Pendant le tournoi, la justice revient sur le tapis : il doit répondre devant le tribunal pour des faits de violence domestique envers son ex-compagne. Il reconnaît les faits, et la procédure se termine sans condamnation. Mais le contexte, lui, change : la carrière prend alors un virage dont il ne se relève pas vraiment.

Le spectacle Kyrgios, et ce qu’il manque au sport sans lui.

Le spectacle qu’il a apporté sur les courts manquerait vite si Kyrgios disparaissait du paysage.

Dès 2023, les blessures s’en mêlent : un genou d’abord, puis une rupture de ligament au poignet. Sur la période suivante, il ne joue que dix rencontres sur le circuit ATP, sur environ trois ans. Entre-temps, il tente aussi d’exister autrement : commentateur, matchs de démonstration… et une manière de masquer l’inactivité.

Et maintenant, cette suspension pour cocaïne. Il y a aussi une pointe d’ironie : Kyrgios avait volontiers joué les donneurs de leçon sur le dopage, quand Jannik Sinner et Iga Świątek avaient été déclarés positifs, avec ensuite des explications invoquant une contamination involontaire. Quand les règles vous tombent dessus, elles ont rarement le sens de l’humour.

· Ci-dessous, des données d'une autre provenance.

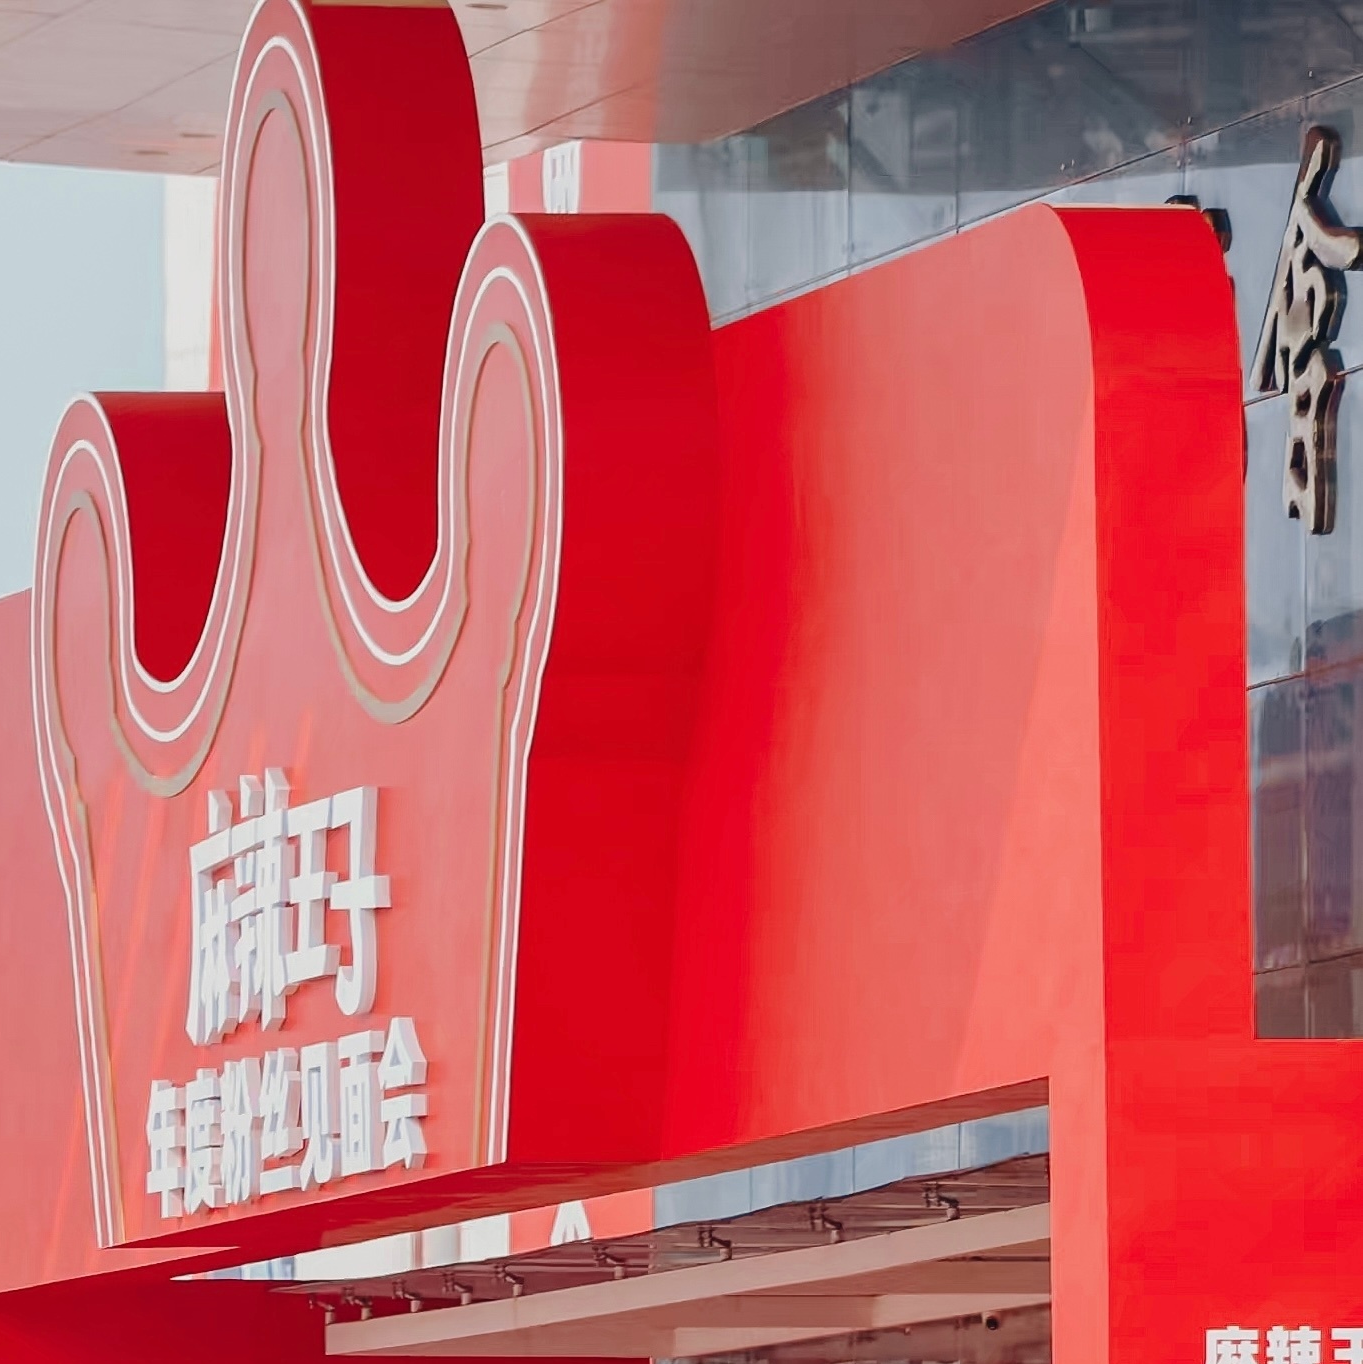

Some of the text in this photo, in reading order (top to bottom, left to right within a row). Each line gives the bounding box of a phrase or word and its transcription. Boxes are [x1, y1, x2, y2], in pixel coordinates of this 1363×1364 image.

[185, 767, 391, 1045] 麻辣王子
[146, 1016, 428, 1218] 年度粉丝见面会
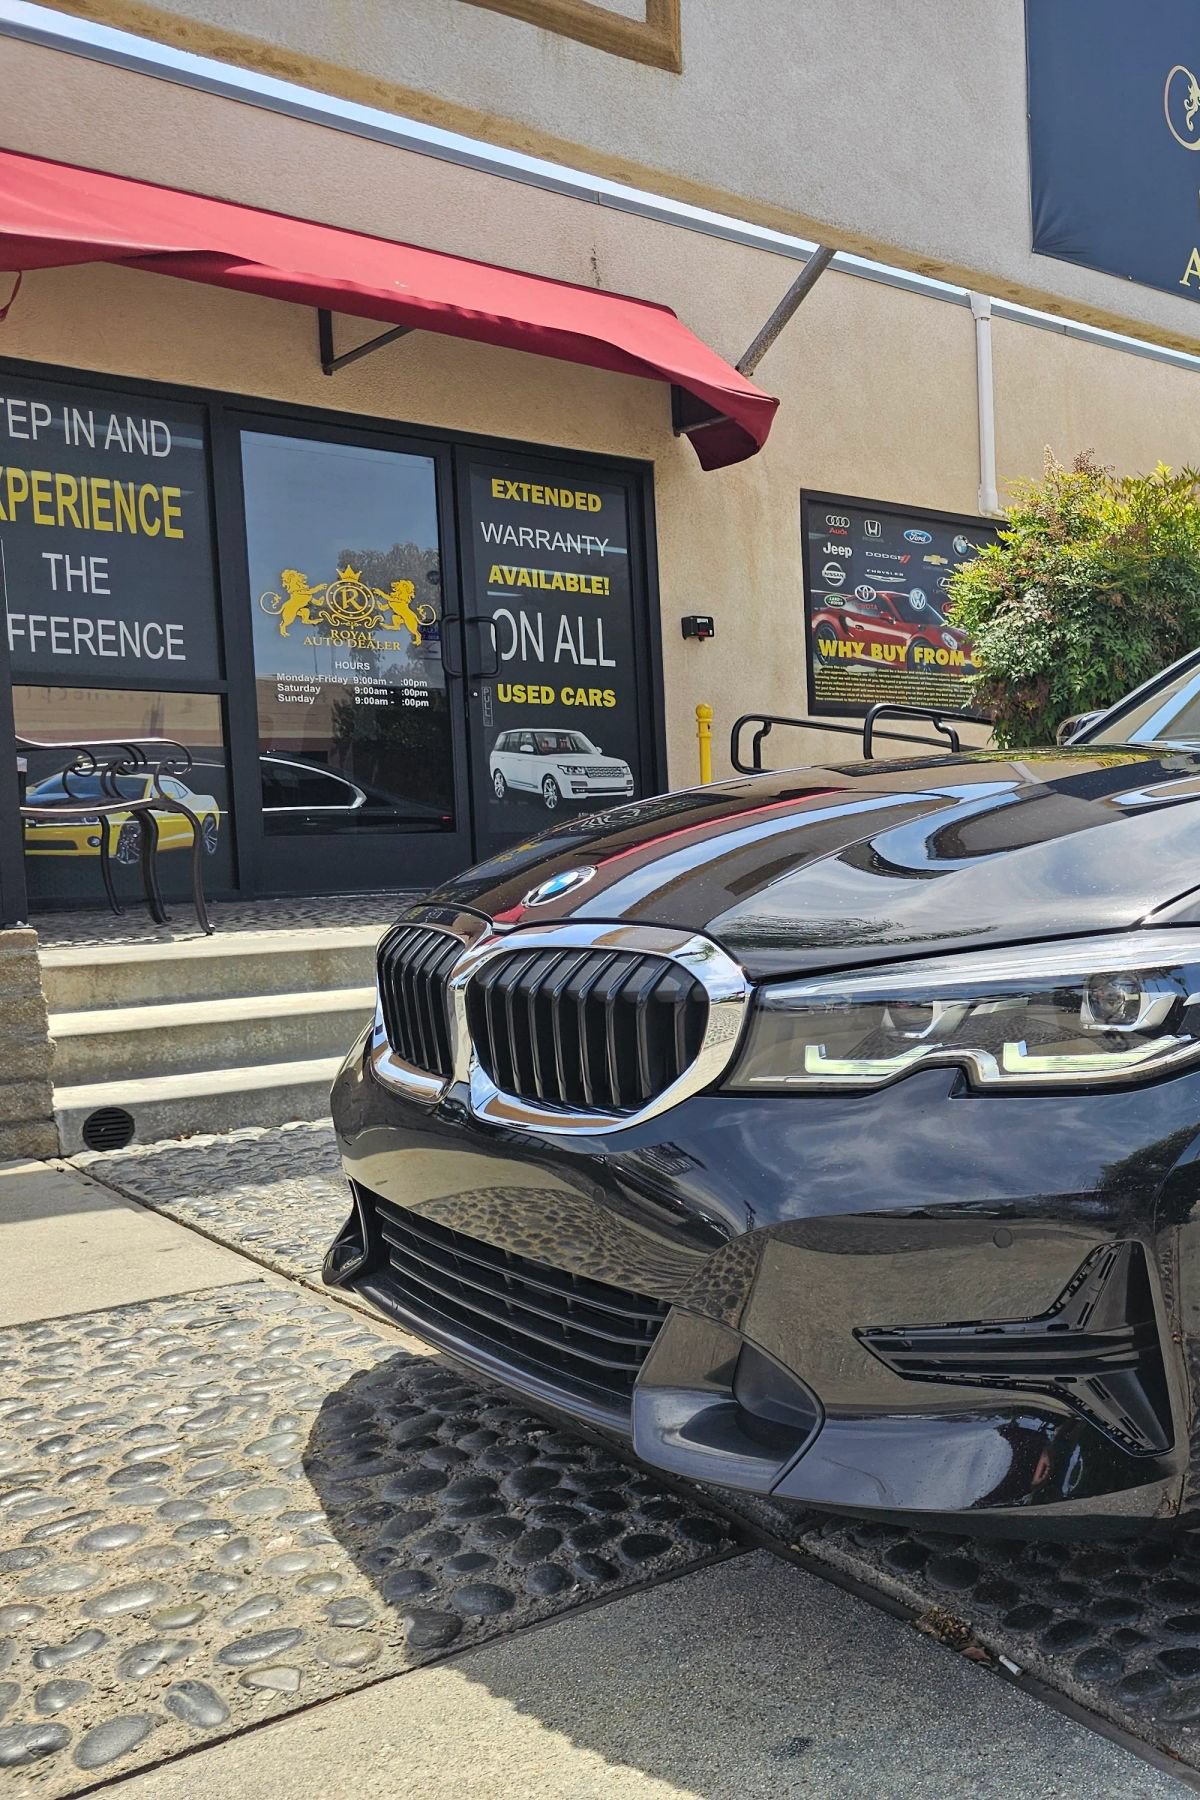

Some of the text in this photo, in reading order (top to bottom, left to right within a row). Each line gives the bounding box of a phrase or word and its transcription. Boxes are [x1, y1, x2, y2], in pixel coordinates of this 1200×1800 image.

En fin d’année 2023, il s’en était aussi pris à Simona Halep, autre ancienne numéro 1, à propos d’une suspension pour dopage. Là encore : si Kyrgios avait consommé des substances améliorant la performance, il aurait déjà accumulé davantage de titres — écrivait-il, avant de se faire répondre par Halep, elle aussi sèche : « Ne frappe jamais quelqu’un à terre. »

Aujourd’hui, sur Instagram, son ton change. Il dit que le tennis l’a choisi, pas l’inverse. Les blessures et l’idée d’une fin de carrière le pèsent lourdement. Au pire, il peut écoper jusqu’à quatre ans. Mais si, comme il le laisse entendre, il prouve que la substance a été consommée hors compétition et qu’elle n’avait pas pour but d’améliorer ses performances, la durée pourrait être réduite — parfois à quelques mois.

Il conclut encore par des excuses et une promesse : travailler sur lui-même, revenir plus fort. Sauf que, Kyrgios et ses promesses… on connaît le sujet. Ça a toujours été une histoire compliquée.

Points à retenir

  • Une suspension provisoire a été prononcée après un contrôle positif lié à la cocaïne, avec un dossier qui peut encore évoluer.
  • Kyrgios a déjà été confronté à des controverses et à des décisions judiciaires : la carrière n’a jamais été uniquement sportive.
  • Les blessures ont aussi joué un rôle : il n’a pas seulement « perdu la motivation », il a aussi perdu du temps de jeu.
  • Sur le plan personnel, il a évoqué la dépression et des pensées suicidaires — ce qui n’excuse pas tout, mais éclaire une partie du désordre.
  • Et pendant que certains réclament des sanctions strictes, d’autres rappellent la réalité des cas de contamination : les explications, elles, ont un goût variable selon le moment.

Au fond, ce qui m’interpelle, c’est le contraste : un joueur capable de moments qui font rêver — et une série de choix, de crises et de non-dits qui finit par grignoter l’élan. Je me demande donc, en tant que journaliste : combien de talent faut-il pour compenser une vie où la discipline n’arrive jamais à suivre ? Et surtout, à quel moment le sport devrait-il exiger plus que du spectacle ? Une chose est sûre : je veux bien admirer Kyrgios, mais je veux aussi qu’on prenne au sérieux les règles et les conséquences — parce que le terrain ne pardonne pas, même quand le charme fait vendre.